There has been a huge shift in medicine and surgery towards robotics and augmented reality. This is mainly in its infancy, however, there are definitely benefits with them, as long as you know what you are doing. Unfortunately, nothing is fool proof! The main drive in the NHS is actually not to gain the top few percent, but actually to lift the bottom bar for those surgeons that may not necessarily have the best results, or those who are not so experienced, have more help and input into ‘getting it right first time’. However, this technology is expensive and conversely is really only available to the ‘higher volume’ surgeons who probably need it the least!

But who wouldn’t want the best chance of a great result? I have three options available, which I sure, as I write, is the most of any surgeon.

Mako robot

The Mako robotic arm system is probably the most well known. This is an excellent way of helping the surgeon achieve optimal cup positioning, and the pre-op CT based planning is very helpful regarding implant sizing and placement. The downside of Mako is that it is owned by Stryker, and therefore you can only use their implants. Stryker no longer have ceramic-on-ceramic bearings, as they were the company which had the most problem with post-operative ceramic ‘squeaking’. They also do not have very bone conserving stem designs, however, not all patients are suitable for this.
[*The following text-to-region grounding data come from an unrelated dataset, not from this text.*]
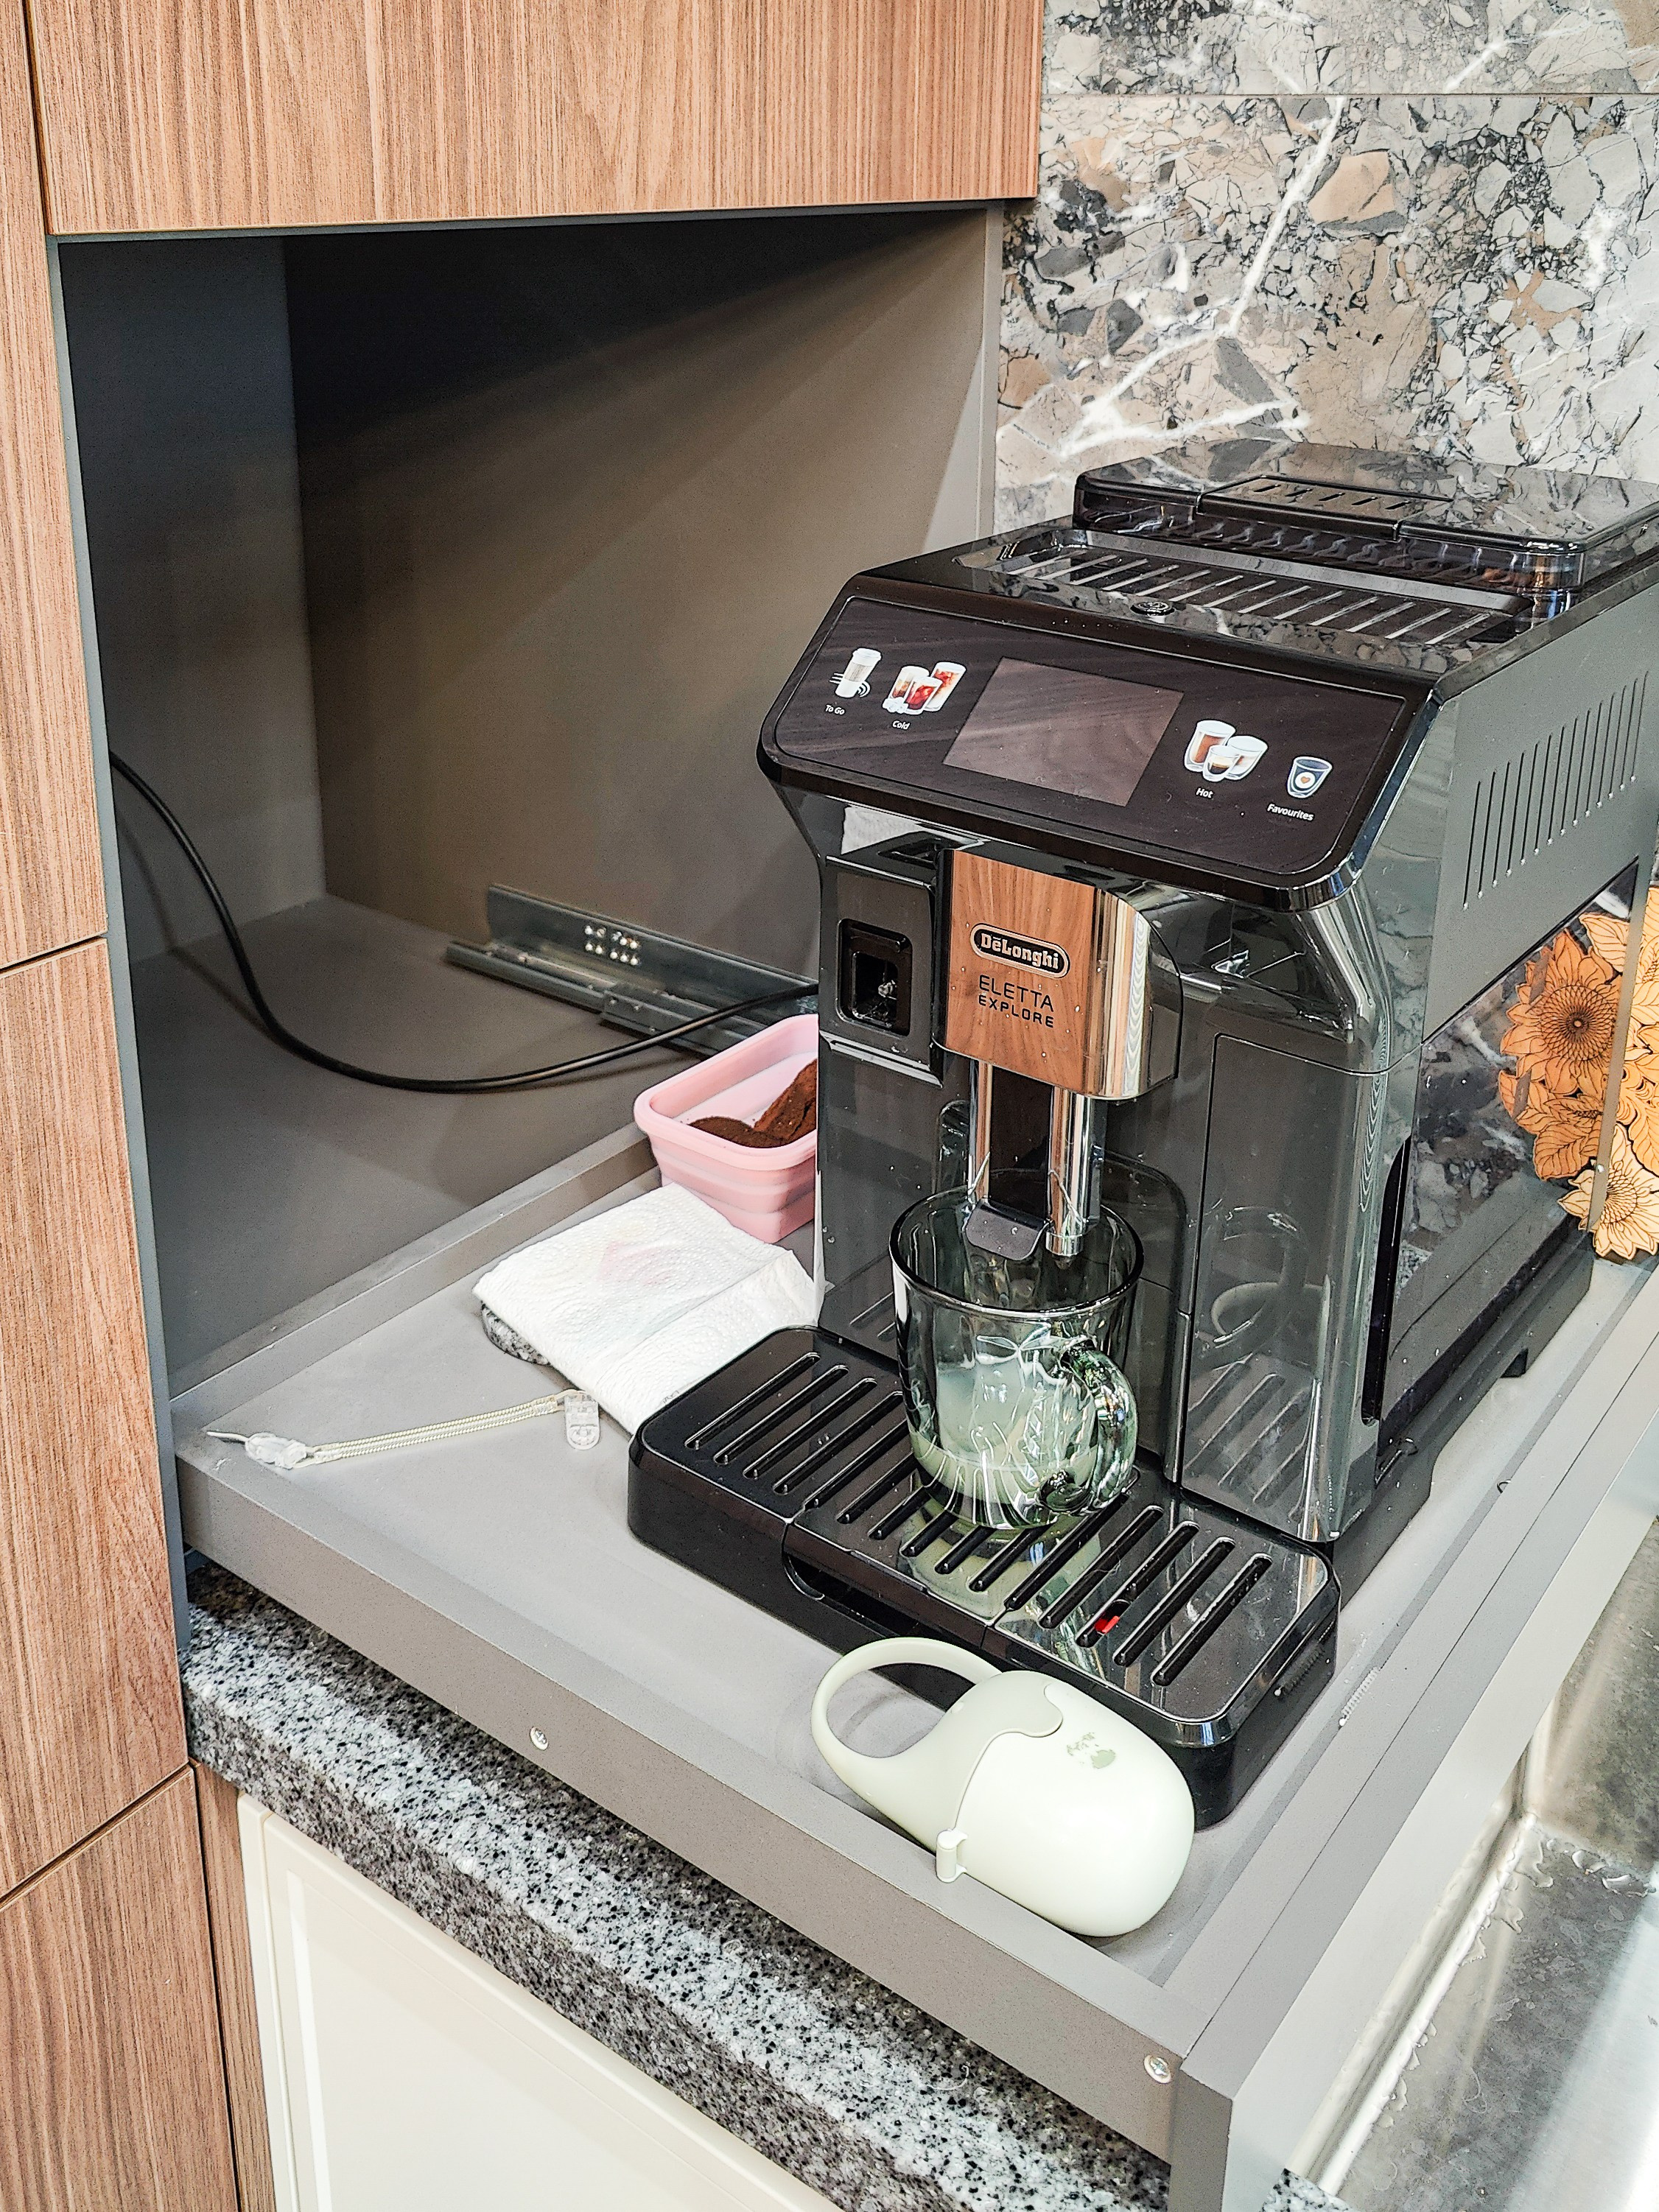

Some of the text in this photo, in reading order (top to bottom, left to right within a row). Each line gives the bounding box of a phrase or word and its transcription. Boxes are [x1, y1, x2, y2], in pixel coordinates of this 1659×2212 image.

[825, 704, 845, 714] To Go
[892, 720, 910, 730] Cold
[1196, 787, 1213, 798] Hot
[1267, 804, 1313, 821] Favourites
[979, 975, 1053, 1012] ELETTA
[978, 994, 1053, 1028] EXPLORE
Some of the claims made by the company regarding it are simply not true either, such as saying that it is ‘soft tissue sparing’ has ‘faster recovery’ and ‘less blood loss’. This is down to the surgical technique, not the implant placement, which is where the Mako excels. I therefore do use the Mako system, but it is not suitable for everyone because of the implants choices currently available.


The most recent addition to the market is the ‘Naviswiss’ system (currently marketed by JRI). This is purely an intra-operative navigation system and does not require anything more than an x-ray for pre-operative planning. This is good as there is less lead time to surgery, as there are no CT scans that need processing or patient specific instrumentation to be manufactured. This however, Naviswiss on its own doesn’t make allowances for individual biomechanical variances and relies on the surgeon’s judgement regarding what the best cup position is (it does measure it for you, though). It also measures leg length and offset (the distance between the femur and pelvis), so is a very useful tool to help the surgeon get the implant positioning correct, especially the femoral side.

Optimised Positioning System (OPS)

What I have been using for some years now is the Optimised Positioning System (OPS). This is technology that originated in Australia but was bought by Corin, and therefore excusive to them (like the Mako to Stryker). Corin do have a much broader implant portfolio (with some more bone conserving stems) and also have both ceramic-on-ceramic and ceramic-on-polyethylene options. OPS was the first commercially available system which aimed to consider each individuals personal biomechanics and therefore make allowances for it. This flies in the face of some of the original teaching of exactly the same implant position for every patient, which had been the ‘holy grail’ for some time and what the Mako originally was designed for.